Les objets archéologiques sont-ils des œuvres d’art parmi d’autres au musée ?L’objet archéologique n’est pas forcément une œuvre d’art. Même s’il peut être doté de grandes qualités esthétiques, son intérêt et sa charge émotionnelle résident surtout dans le fait qu’il témoigne des populations et de leurs modes de vie à différentes périodes. Le défi de la présentation de l’archéologie au musée est justement de faire comprendre le sens d’objets désormais sortis de leur contexte. Pour cela, il faut replacer les objets dans un contexte paysager, architectural, humain, par le biais d’illustrations, de maquettes, de supports numériques. Il faut aider le visiteur à tisser du lien avec ce contexte et avec ses propres connaissances pour que sa visite puisse faire sens.

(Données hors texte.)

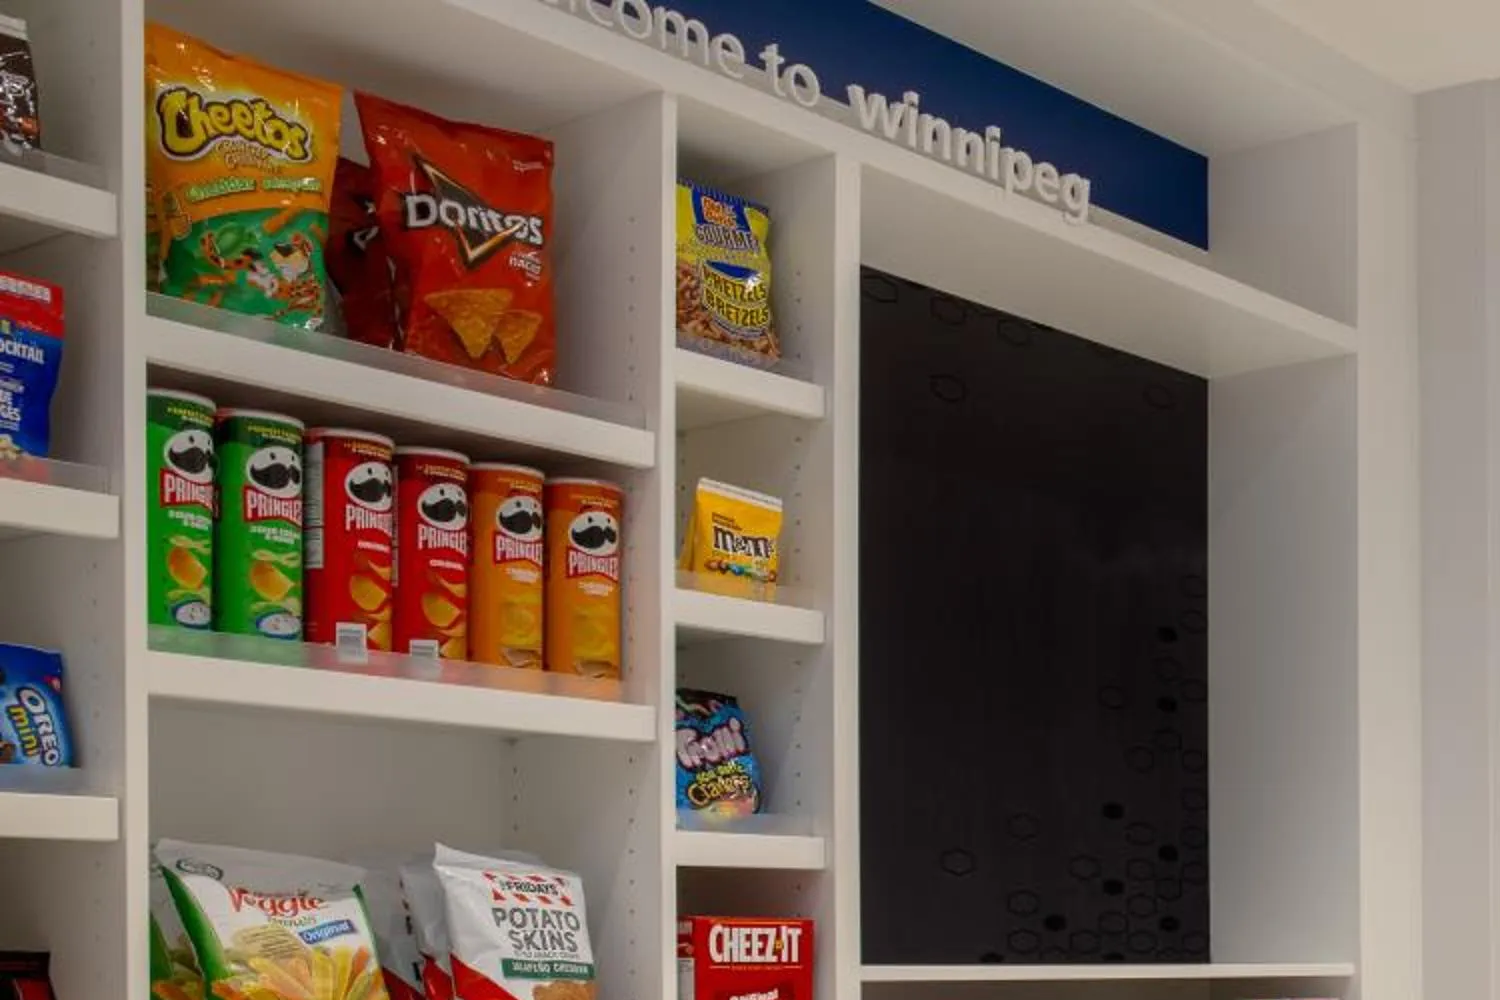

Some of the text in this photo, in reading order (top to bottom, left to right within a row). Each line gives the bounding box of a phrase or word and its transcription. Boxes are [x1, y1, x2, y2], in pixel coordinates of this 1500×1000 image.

[157, 86, 310, 160] Cheetos
[566, 0, 1092, 226] come to winnipeg
[405, 193, 544, 245] Doritos
[492, 907, 581, 933] POTATO
[508, 929, 579, 953] SKINS

Quel rapport le musée peut-il/doit-il entretenir avec l’école ?Le musée ne doit pas être considéré comme un lieu qui permet d’apprendre ce qui n’a pas été vu à l’école. Bien sûr, le musée peut permettre d’approfondir des savoirs acquis en milieu scolaire, mais il faut se méfier de transférer telles quelles les méthodes pédagogiques du milieu scolaire au musée. Si l’on apprend au musée, il faut privilégier l’apprentissage sous d’autres formes qu’à l’école, avec d’autres outils. Par ailleurs, le musée ne doit pas être considéré uniquement comme un lieu d’apprentissage. C’est un lieu de découverte, de plaisir, de création…

Comment qualifieriez-vous la place que l’archéologie occupe au musée par rapport à d’autres disciplines voisines ? Comment souhaiteriez-vous voir évoluer ce rapport ?L’archéologie et ses évolutions sont présentées de manière de plus en plus dynamique et intéressante dans les musées qui lui sont entièrement dédiés. Dans les musées généralistes, qui disposent rarement de professionnels spécialisés dans cette discipline, les collections archéologiques font souvent figure de parent pauvre, insuffisamment étudiées et mal mises en valeur alors que de tels musées recèlent parfois des « trésors » archéologiques. La mise en réseau, par exemple à l’échelle régionale, de telles structures pourrait permettre à ces établissements de bénéficier d’une meilleure mise en valeur de ces collections.